I hold that Dickens was the most original genius in our fictitious literature since the days of Walter Scott. As a social reformer his fame is quite as great as it is as a master of romance. His pen was mighty to the pulling down of many a social abuse, and from the loving kindness of his writings has been got many an inspiration to deeds of charity. But how could a man who went so far as he did go no further? How could the reformer who struck at so many social wrongs spare that hideous fountain-head of misery in London, the dram-shop? And how could he descend to scurrilously satirize all societies formed for the promotion of temperance? A still greater marvel is that so kind-hearted a man as Mr. Dickens, who sought honestly the amelioration of the condition of his fellow-men, could utterly ignore the transforming power of Christianity. He did not cast contempt on the Bible, and never soiled his pages with infidelity, neither did he ever enlighten, and warm and vivify them with evangelical uplifting truth. Only a few feet of earth separate the grave of Charles Dickens from the grave of William Wilberforce. Both loved their fellow-men; but the great difference between them was that one of them invoked the spiritual power of the Gospel of Christ, which the other lamentably ignored.
GREAT BRITAIN SIXTY YEARS AGO (Continued)

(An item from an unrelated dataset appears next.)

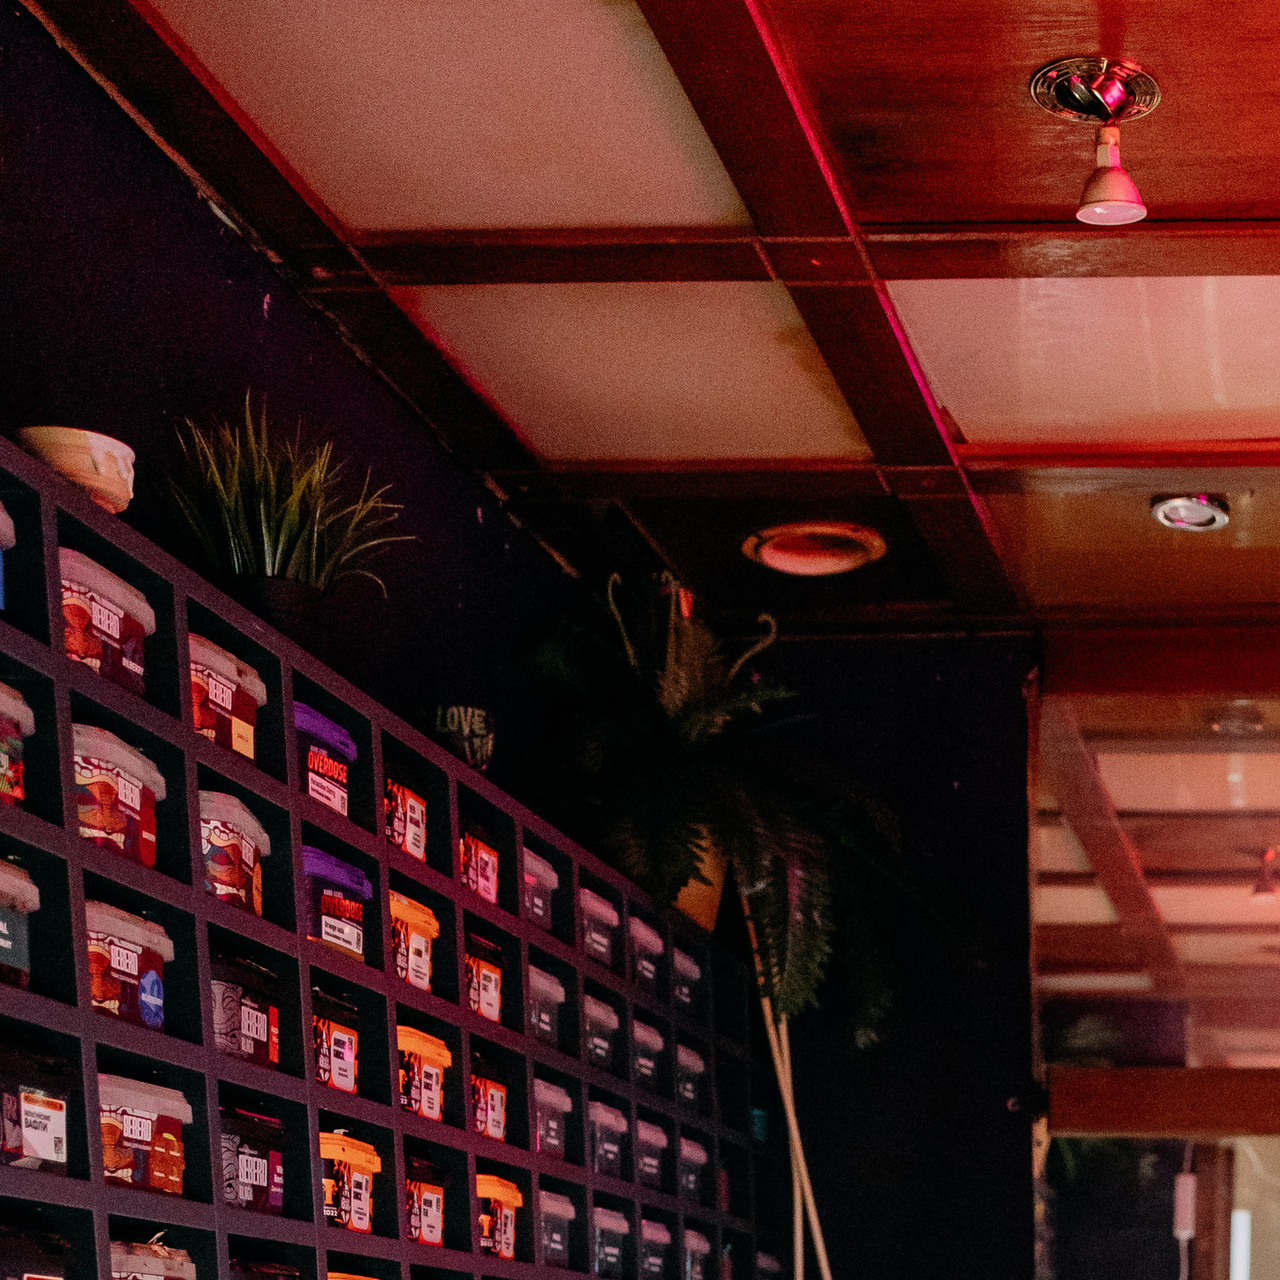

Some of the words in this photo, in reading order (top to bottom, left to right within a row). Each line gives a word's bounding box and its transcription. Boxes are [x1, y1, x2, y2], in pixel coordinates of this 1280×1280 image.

[308, 750, 348, 784] OVERDOSE
[321, 895, 363, 922] OVERDOSE
[238, 1154, 268, 1187] SEBERO

Carlyle—Mrs. Baillie—The Young Queen—Napoleon
One of the lions of whom I was in pursuit was Thomas Carlyle. Very few Americans at that time had ever seen him, for he lived a very secluded and laborious life in a little brick house at Chelsea, in the southwest of London; and he rarely kept open doors. His life was the opposite to that of Dickens and Macaulay, and he was never lionized, except when he went to Edinburgh to deliver his address before the University, years afterwards. I sent him a note in which I informed him of the enthusiastic admiration which we college students felt for him, and that I desired to call and pay him my respects. To my note he responded promptly: “You will be welcome to-morrow at three o’clock, the hour when I become accessible in my garret here.” I found his “garret” to be a comfortable front room on the second floor of his modest home. It was well lined with books, and a portrait of Oliver Cromwell hung behind his study chair. He was seated at his table with a huge German volume open before him. His greeting was very hearty, but, with a comical look of surprise, he said in broad Scotch: “You are a verra young mon.” I told him of the appetite we college boys had for his books, and he assured me at once that while he had met some of our eminent literary men he had never happened to meet a college boy before. “Your Mr. Longfellow,” said he, “called to see me yesterday. He is a man skilled in the tongues. Your own name I see is Dootch. The word ‘Cuyler’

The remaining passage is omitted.